Stabroek News contacted the GPHC’s PRO, Mitzy Campbell who said that by today she would be able to get some information on the operations at the Bond.

Esseboom said that a judgement of the operations should not be made on yesterday’s visit alone as he was not sure if it was a one-off disruption and the activities of the past week that saw it in the state it was in.

“I really don’t know what goes on here what activities, I really don’t know. I can’t say this is what is normal there could have been a number of activities over the week. But we can always get GPHC to come give some clarity,” he noted.

Asked why the MoPH doesn’t step in to help with the inventory and data processing systems on the lower flat since GPHC is covered by the Ministry and by extension the government, Esseboom noted that it was “something that could be looked into.”

“In any enterprise things can improve and get better. If the media spotlights something the ministry can assist,” he asserted.

Warehouse Manager of the upper flat, Silhouette Craig explained that if assistance was sought from the GPHC she was confident that her superiors would allow the upper level staff to assist.

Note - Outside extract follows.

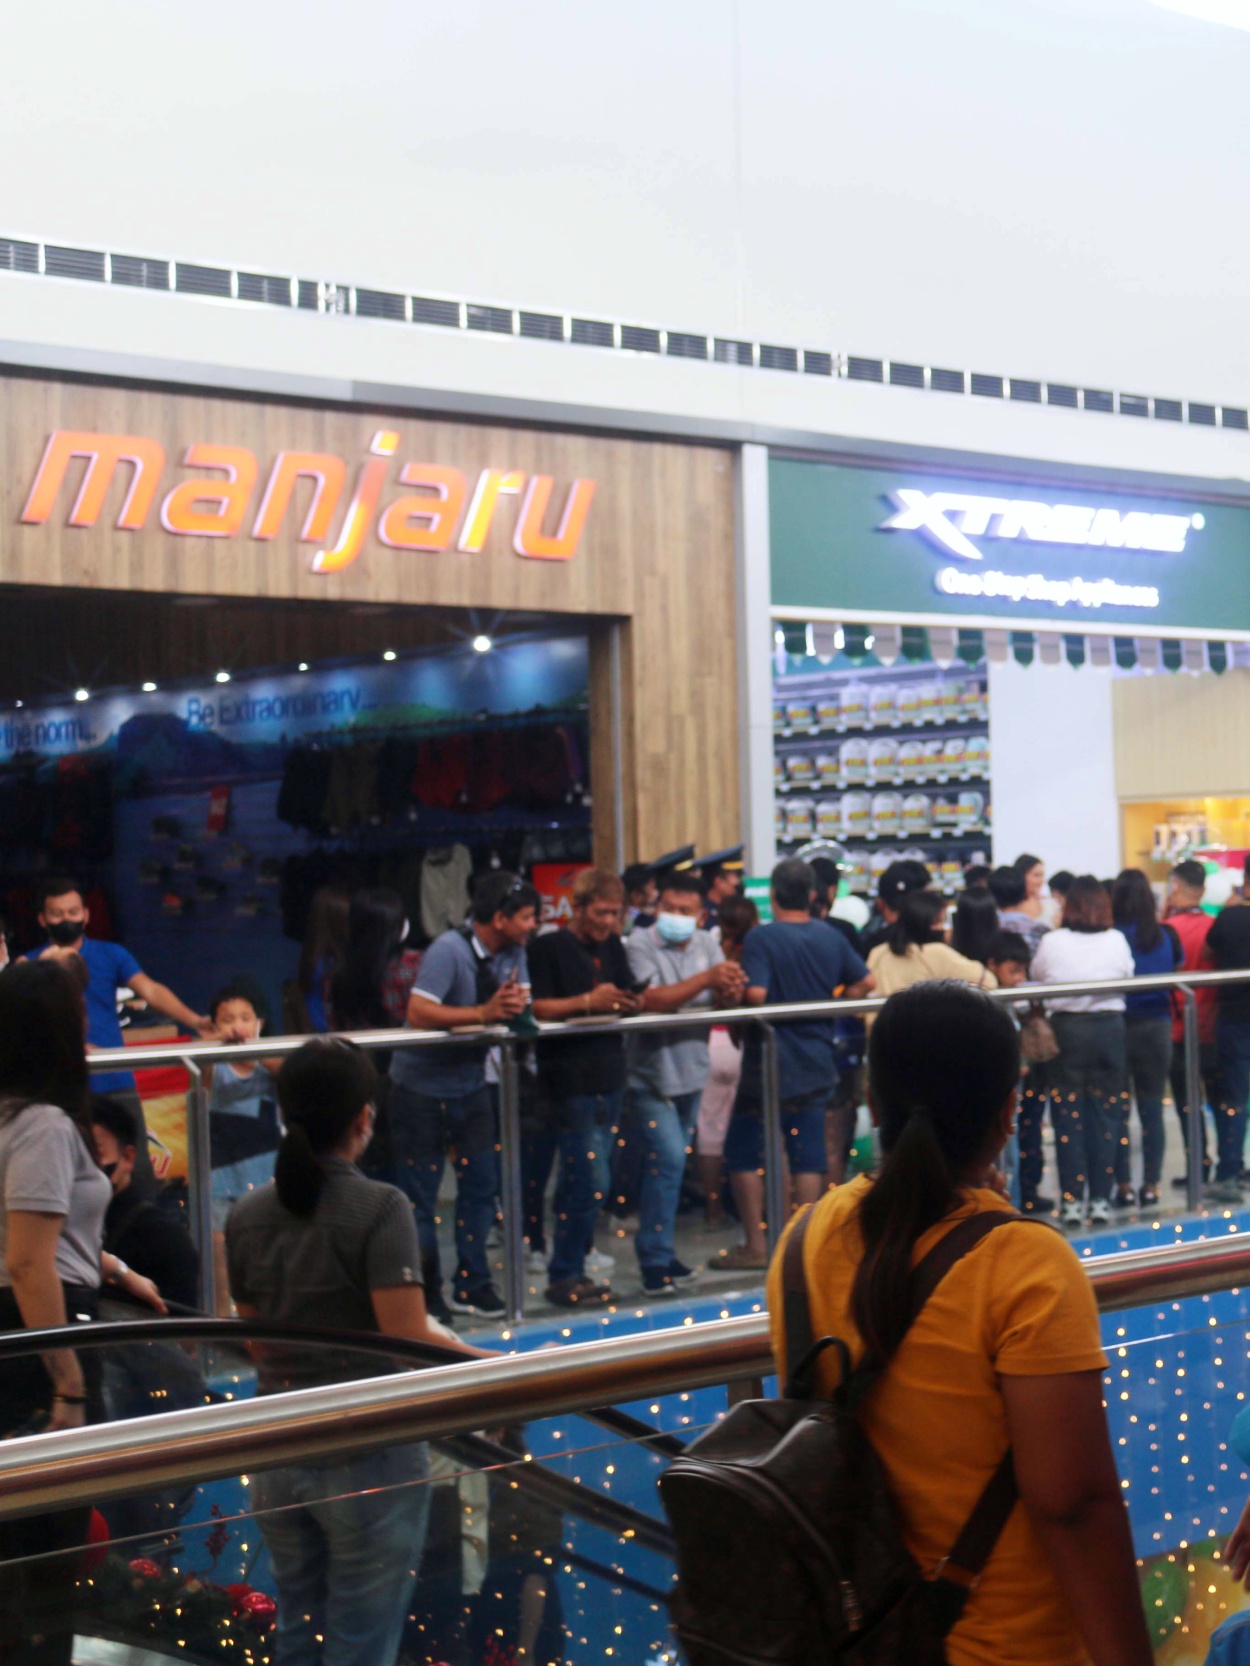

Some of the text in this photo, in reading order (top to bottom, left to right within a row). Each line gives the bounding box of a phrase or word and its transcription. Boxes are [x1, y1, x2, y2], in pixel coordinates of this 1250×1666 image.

[20, 430, 597, 573] manjaru
[883, 489, 1192, 560] XTREME
[187, 697, 215, 725] Be

On her level, the operations mirrored that of the operations at the Diamond Bond on the East Bank of Demerara where the boxes of drugs are stored and labeled on the racks according to numbers.

Craig explained that the upper flat was being used by the Diamond Bond as the latter facility did not have the capacity for all the medications that are needed at times. She took reporters for a walk through of the upper flat, pointing out the drugs, what they were used for and the system used to keep track of them.

“The bond here is being utilized because we have a space issue at Diamond,’ Craig said, as she also listed some of the drugs currently in storage, which ranged from antacids, both liquid and pills, psychotropic drugs and STD and pregnancy prevention pharmaceuticals.

She pointed out that at her section no dispatches were done as the space was basically to store Diamond’s surplus stocks. “The suppliers would come and bring their supplies here and we basically store it here and we would replenish from Diamond. They would send an advance delivery notice”, she said.